What is the role of lingua franca in today’s scientific research

Nous vivons dans une Europe multilingue qui encourage la diversité linguistique, ce qui devrait se traduire par la possibilité de se servir, dans le but de la communication, implicitement de la communication scientifique, de la langue maternelle de chacun. L’Union Européenne a, sauf modification sans notification, 24 langues officielles.
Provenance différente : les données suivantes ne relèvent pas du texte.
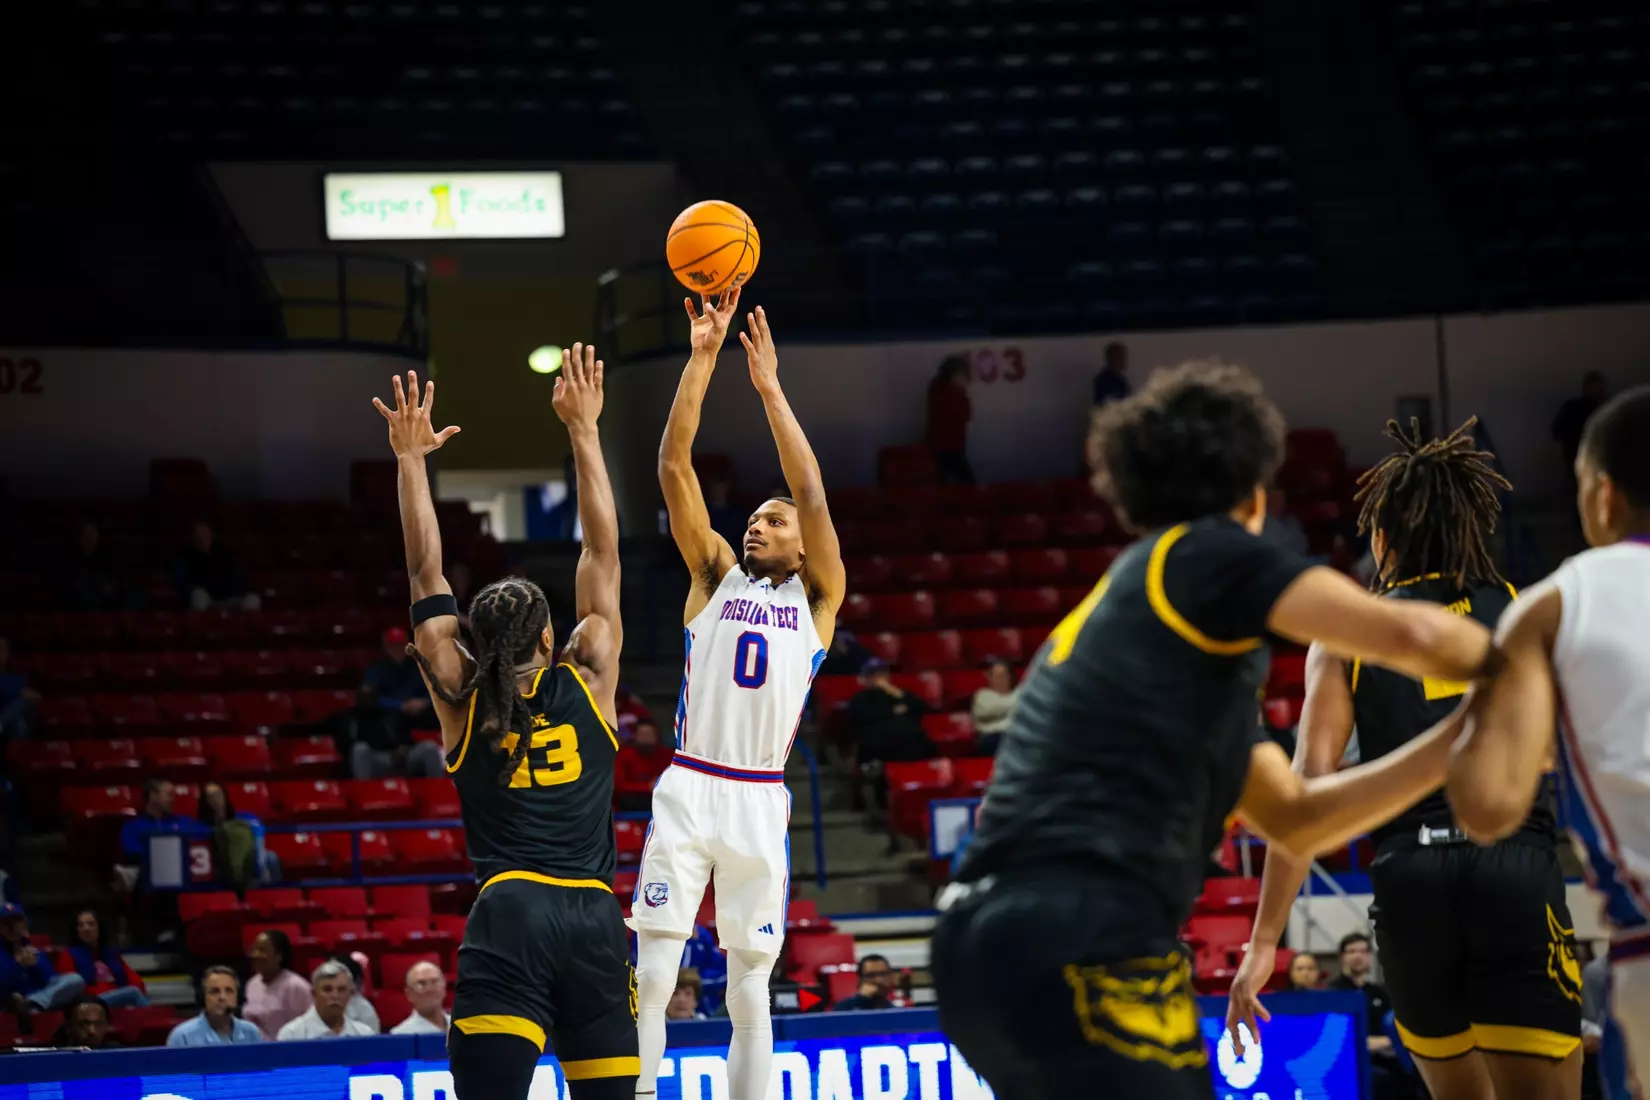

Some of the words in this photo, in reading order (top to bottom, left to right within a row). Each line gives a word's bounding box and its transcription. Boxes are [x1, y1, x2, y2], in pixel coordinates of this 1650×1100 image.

Et pourtant, les scientifiques sont bien obligés d’écrire en anglais s’ils veulent se faire publier dans une revue ayant un facteur d’impact élevé. Normalement, la Lingua franca joue l’intermédiaire entre le chercheur scientifique et son évaluation nationale ou internationale. Parfois, certains chercheurs scientifiques se passeraient volontiers de pareil médiateur, et cela pour des raisons multiples. Il se peut qu’ils s’expriment mieux dans une langue de leur choix. Il se peut que s’ils traduisent leur article en anglais ils doivent s’attendre à des difficultés quand il s’agit de trouver des équivalences entre les termes et, parfois, entre les notions. Dans notre article, nous avons l’intention de détailler la situation de facto en Roumanie (du XXIe siècle), où pour la reconnaissance de la recherche dans le domaine de la linguistique, les linguistes disposent d’une seule revue indexée par la Thomas Reuters Agency. D’où l’obligation de publier dans des revues étrangères qui imposent (parfois) l’écriture de l’article en anglais. De plus, une activité scientifique en bonne et due forme, susceptible d’être prise en compte et puis comptabilisée en vue d’une promotion, passe invariablement par la soumission d’un projet de recherche. Là encore, la langue (de bois) de rédaction du projet est obligatoirement l’anglais.{/t2}
Il ne suffit donc pas d’avoir des idées, il faut encore les formuler en anglais, si la connaissance de la langue nous le permet, ou alors de les traduire en anglais, si on n’est pas capable d’aligner ses pensées directement en anglais. Que faire dans les cas malheureux où il n’y a pas d’équivalent pour un terme ? Il faut recourir à une paraphrase, au risque de perturber le nombre de mots admis ou bien au risque de donner un équivalent très approximatif, ce qui va à l’encontre de l’éthique. Ou bien que faire pour expliquer en anglais le très politiquement correct « technicien de surface » ou encore l’autre très politiquement correct « étudiant virtuel » ? Et les difficultés de la traduction ne s’arrêtent pas là. Nous n’avons pas l’intention de faire l’inventaire de ce type de difficultés du chercheur, mais d’en signaler les plus significatives pour sensibiliser les responsables des revues cotées ISI et pour leur faire accepter l’idée que, du moins dans la science, il n’y a pas d’hégémonie.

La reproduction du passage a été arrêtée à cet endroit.